The glass is coated with, or has been encased within, a thin and almost transparent layer of metal (window film usually containing aluminium). The result is a mirrored surface that reflects some light and is penetrated by the rest. Light always passes equally in both directions. However, when one side is brightly lit and the other kept dark, the darker side becomes difficult to see from the brightly lit side because it is masked by the much brighter reflection of the lit side.

== Applications ==

One-way glass (4) used in a teleprompter

A one-way mirror is typically used as an apparently normal mirror in a brightly lit room, with a much darker room on the other side. People on the brightly lit side see their own reflection—it looks like a normal mirror. People on the dark side see through it—it looks like a transparent window.
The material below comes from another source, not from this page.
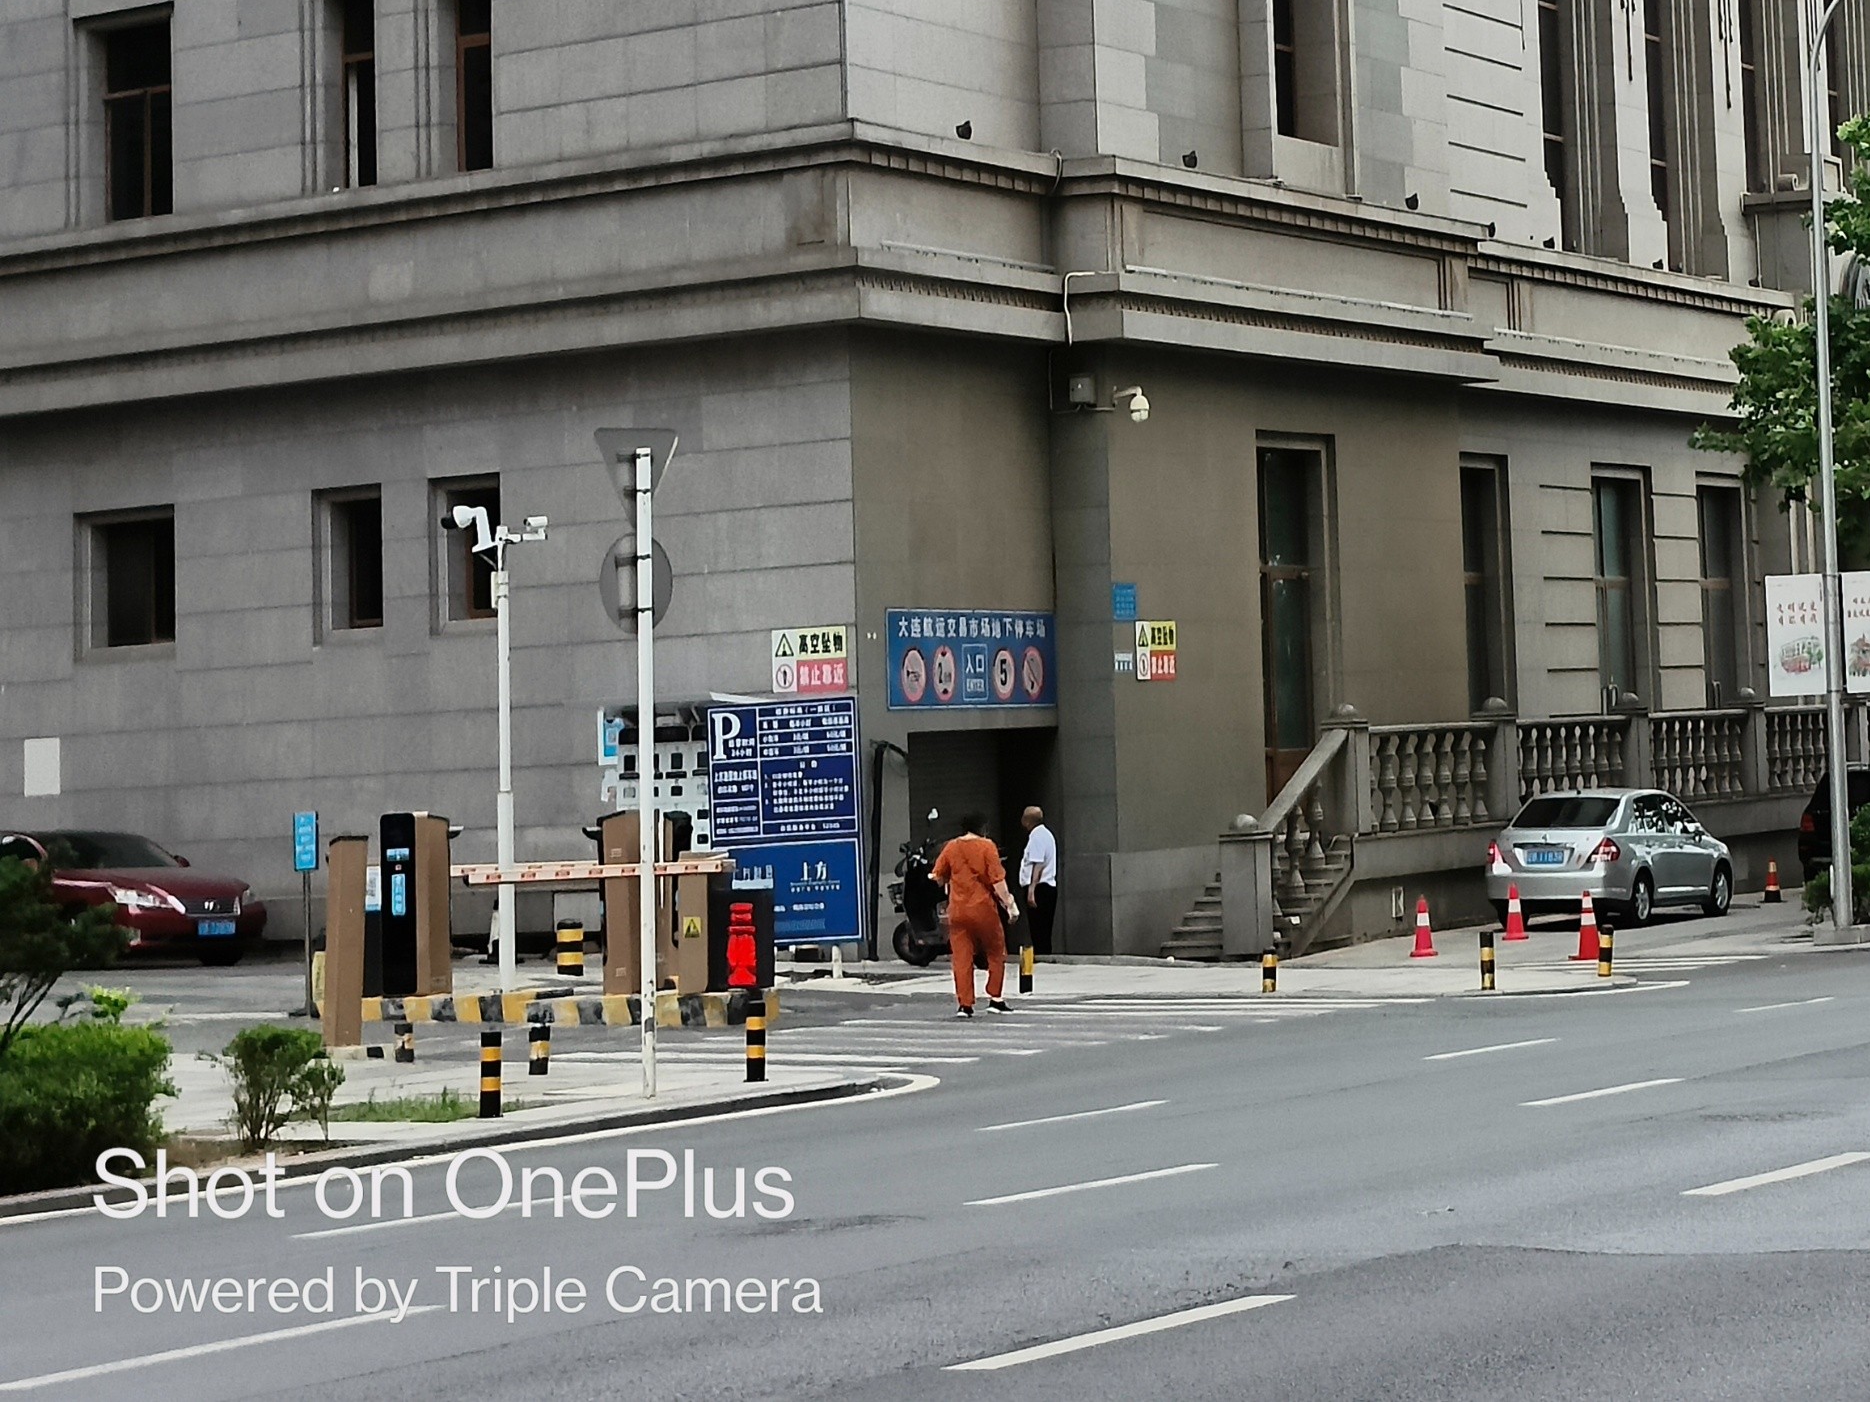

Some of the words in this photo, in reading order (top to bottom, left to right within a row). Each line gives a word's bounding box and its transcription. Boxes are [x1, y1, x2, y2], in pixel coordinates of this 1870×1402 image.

The light from the bright room reflected from the mirror back into the room itself is much greater than the light transmitted from the dark room, overwhelming the small amount of light transmitted from the dark to the bright room; conversely, the light reflected back into the dark side is overwhelmed by the light transmitted from the bright side. This allows a viewer in the dark side to observe the bright room covertly.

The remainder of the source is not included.